Don't miss: The manual alsooutlines what discharge instructions should include (see the next page).

2. Assess Home Setup. Doing pre-discharge home visits can help you identify scenarios where a resident may not be safe in the home and what he needs in order to function there. Rehab therapists can, for example, make home visits reimbursable under Part A and Part B, notes Elisa Bovee, MS, OTR/L,director of education and training for Harmony Healthcare International in Topsfield, Mass. (for more information on this approach, see the article on page 42).

Example: Christine Twombly, RNC, once insisted on physical therapy doing a home evaluation for a nursing home resident. She went along, as well. "The family said they had [accommodations set up for the resident], but what they had was a shed with a bed and commode" and no heat. "That's where the resident was going to live," says Twombly, with Reingruber & Co. in St. Petersburg, Fla.

Use a triage approach: Most facilities aren't going to have the resources to do non-reimbursable home visits on all residents. You can, however, make visits to the homes of higher risk residents, says David Farrell, a long-term-care administrator for California-based SNF Management. Examples include "a resident who doesn't have anyone or a caregiver who seems frail or may be contributing to the person's alcoholism," says Farrell. "Or you see the resident has a history of having Adult Protective Services involved." In such cases, "we'd have a [facility] social worker do a home visit."

What if the caregiver, such as a spouse, appears incapable of taking on the caregiving task? "You have to be realistic and tell them how at risk they may be," Farrell advises.

Tips: Farrell's facility has the social worker call discharged residents 24 hours after discharge to see how they are doing. "We make sure the person is safe, has his/her meds, and home health showed up, etc." The calls not only prove to be "an excellent customer service strategy," but they also reduce hospital readmissions. "If the person does have a problem, oftentimes it's minor and something you can handle over the phone," says Farrell. The discharge process happens so quickly, residents or their caregivers sometimes don't capture all of the information. "Within 24 hours, however, they may have more questions, usually about their medications," Farrell observes.
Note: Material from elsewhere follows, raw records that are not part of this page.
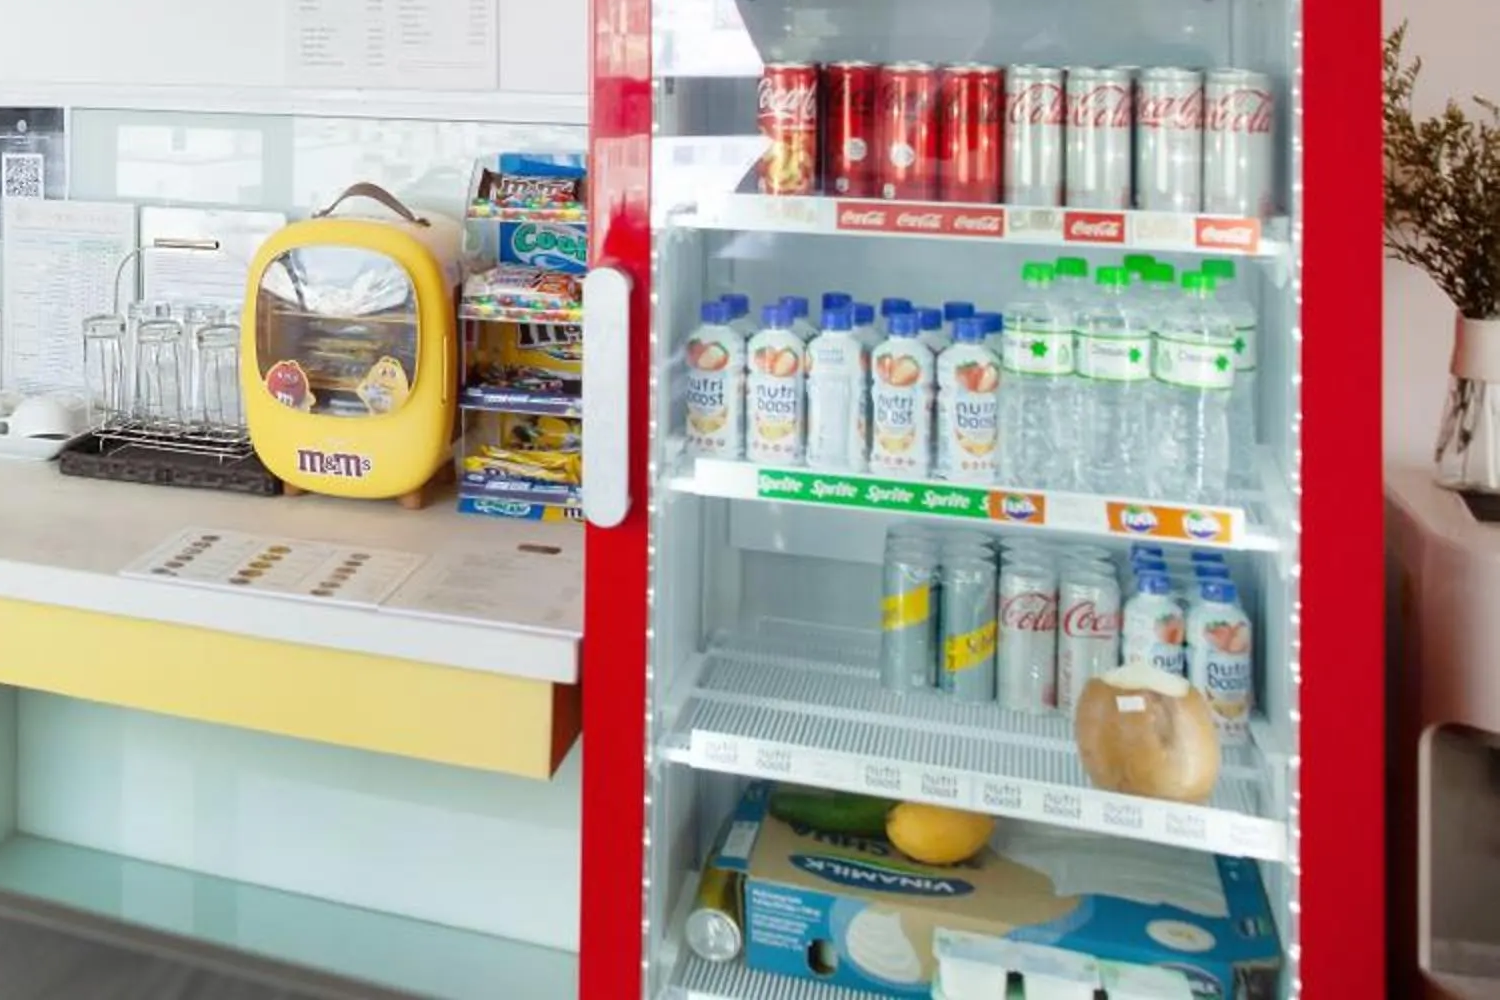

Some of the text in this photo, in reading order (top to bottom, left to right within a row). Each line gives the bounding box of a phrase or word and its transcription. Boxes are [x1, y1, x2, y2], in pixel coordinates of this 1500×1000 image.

[760, 474, 803, 493] Sprite
[809, 479, 859, 498] Sprite
[865, 484, 914, 503] Sprite
[921, 489, 971, 509] Sprite
[804, 857, 955, 894] VINAMILK
"Community volunteers could help make minor alterations to help people function better in their homes," says Barbara Frank, a consultant in Warren, R.I. Examples include "changing the height of counters or shelves so that people can reach what they need," she adds.

"If a church, for example, were to adopt a nursing home and send volunteers into a person's home to identify how to help people function better -- that would probably help prevent a lot of returns to the hospital," Frank advises.

3. Document What You've Done to Facilitate a Safe Discharge. "Document the discussions you've had with the resident/family [about discharge planning] and the services in place," advises attorney Meg Pekarske, with Reinhart Boerner Van Deuren in Madison, Wis. In some cases, you may have to look at competency issues in terms of whether the person is capable of making a choice to go home, Pekarske adds.

"States have made changes to elderly abuse laws so that some laws include self-neglect." If the person isn't competent to make a choice to return home, "activate the power of attorney document or, if none exists, have the family pursue guardianship," Pekarske advises.